-- PROBLEM DESCRIPTION --
Without the pictures, output the records below word for word.

-- RECORDS FOR THE EXERCISE --
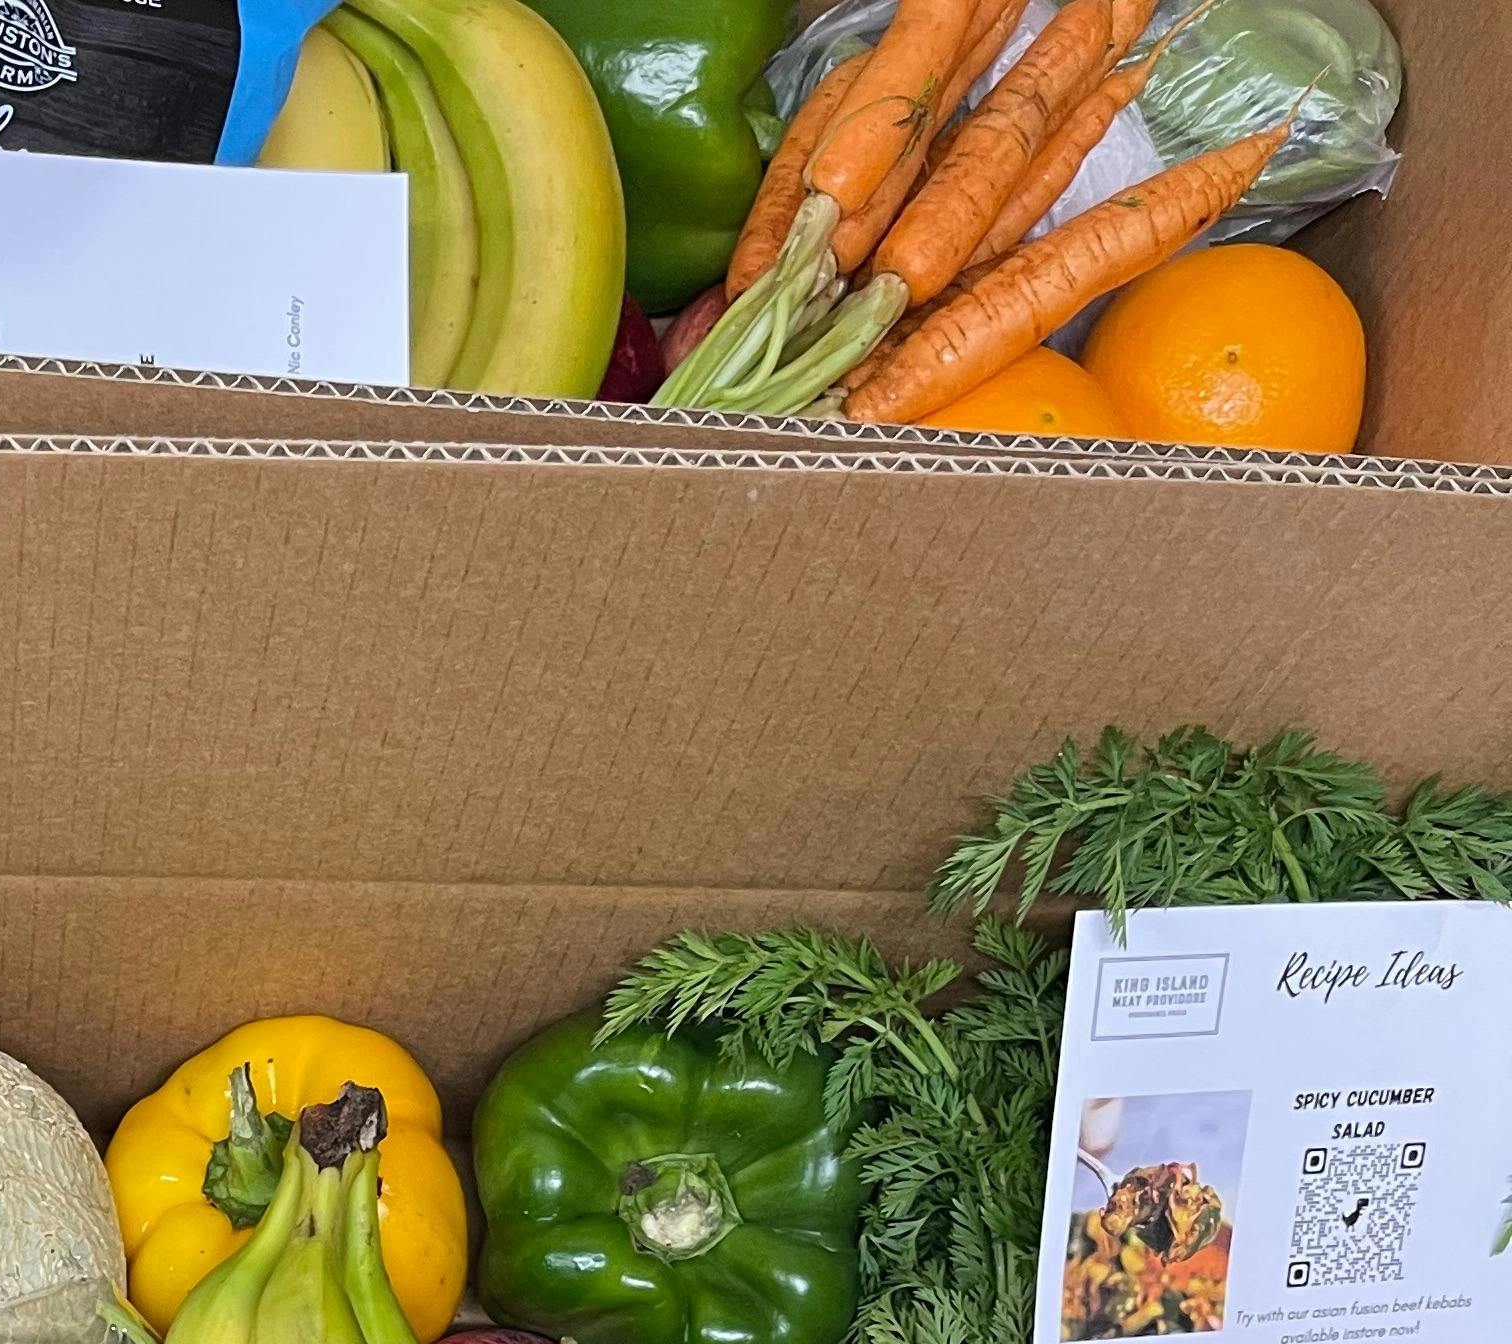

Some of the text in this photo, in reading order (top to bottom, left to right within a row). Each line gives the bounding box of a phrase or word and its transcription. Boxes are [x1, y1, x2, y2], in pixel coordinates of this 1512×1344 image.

[286, 296, 304, 374] Nic Conley
[1114, 974, 1209, 993] KING ISLAND
[1276, 950, 1464, 1005] Recipe Ideas
[1112, 995, 1141, 1007] MEAT
[1293, 1087, 1435, 1110] SPICY CUCUMBER
[1331, 1121, 1385, 1139] SALAD
[1236, 1294, 1472, 1328] Try with our asian fusion beef kebabs
[1280, 1320, 1421, 1344] available instore now!
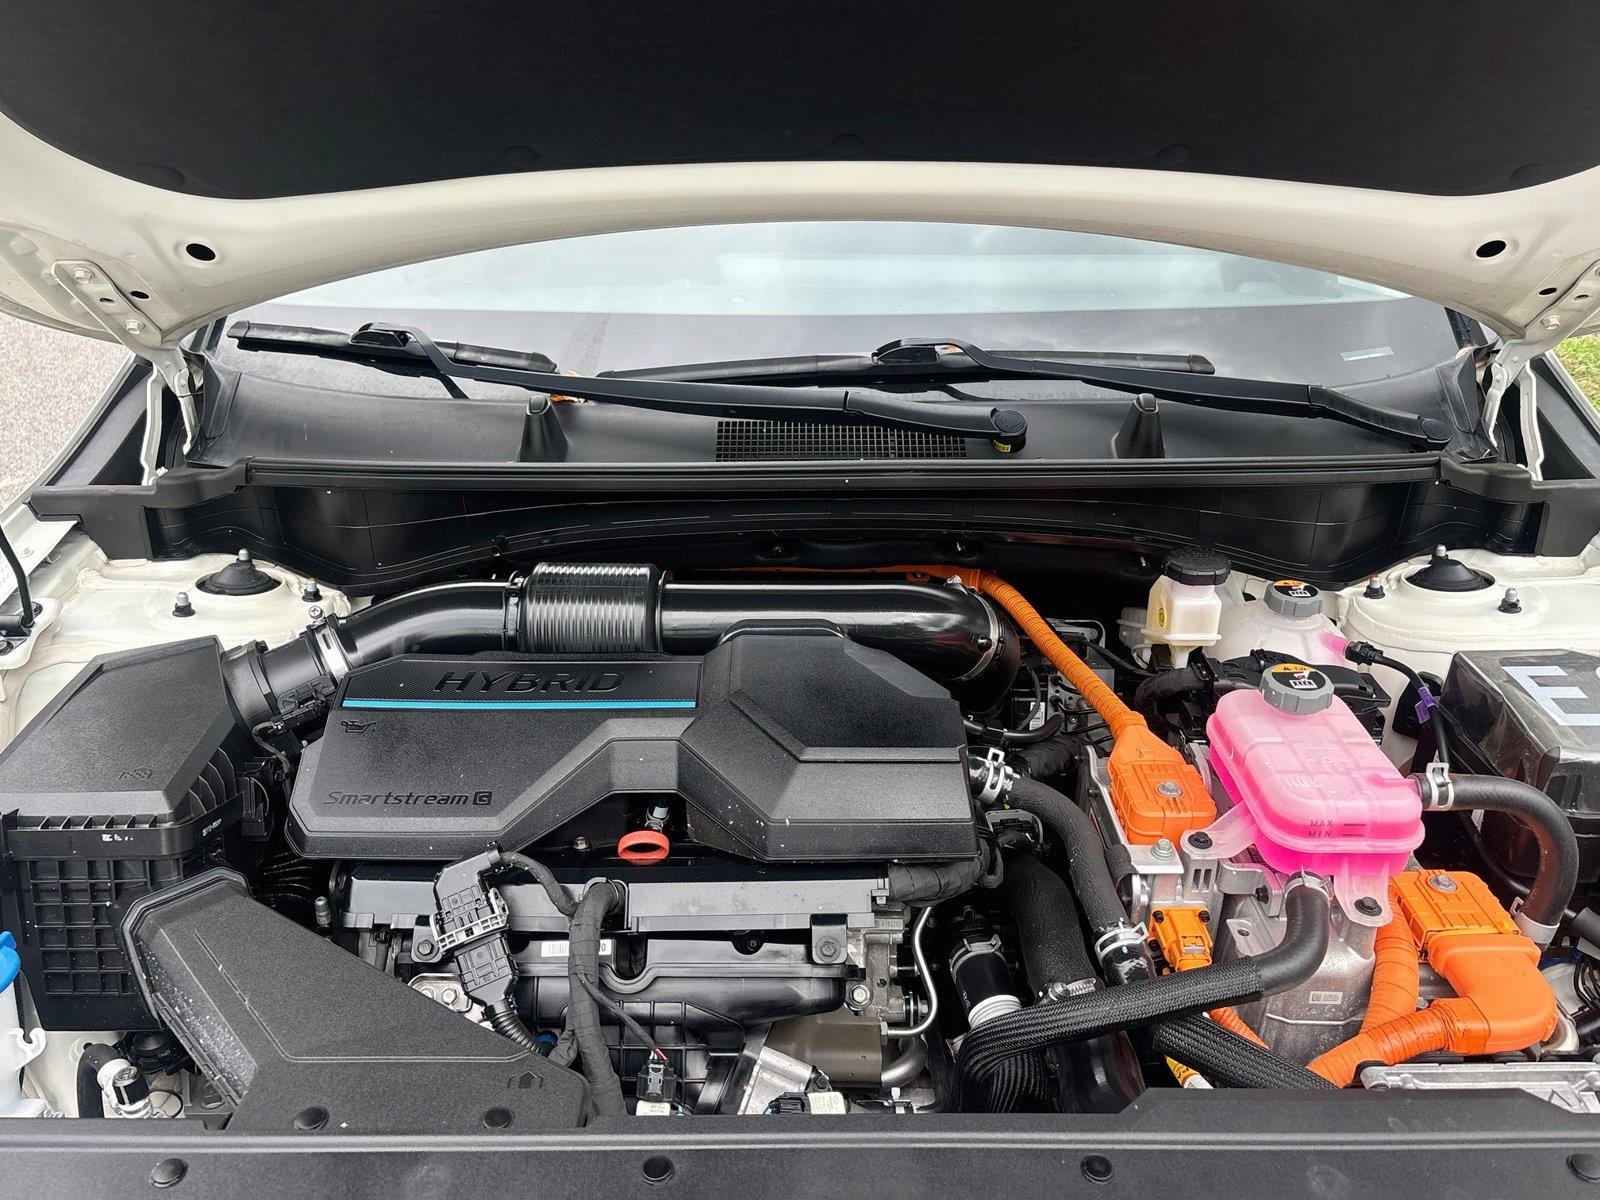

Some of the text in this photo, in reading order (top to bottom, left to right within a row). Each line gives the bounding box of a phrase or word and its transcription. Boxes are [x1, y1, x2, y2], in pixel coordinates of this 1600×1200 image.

-- RESULT FOR THIS TASK --
Some of the text in this photo, in reading order (top to bottom, left to right within a row). Each line gives the bounding box of a phrase or word and its transcription. Boxes are [x1, y1, x2, y2], in pixel coordinates of this 1512×1344 image.

[286, 296, 304, 374] Nic Conley
[1114, 974, 1209, 993] KING ISLAND
[1276, 950, 1464, 1005] Recipe Ideas
[1112, 995, 1141, 1007] MEAT
[1293, 1087, 1435, 1110] SPICY CUCUMBER
[1331, 1121, 1385, 1139] SALAD
[1236, 1294, 1472, 1328] Try with our asian fusion beef kebabs
[1280, 1320, 1421, 1344] available instore now!

Some of the text in this photo, in reading order (top to bottom, left to right within a row). Each line gives the bounding box of a phrase or word and its transcription. Boxes are [x1, y1, x2, y2], in pixel coordinates of this 1600×1200 image.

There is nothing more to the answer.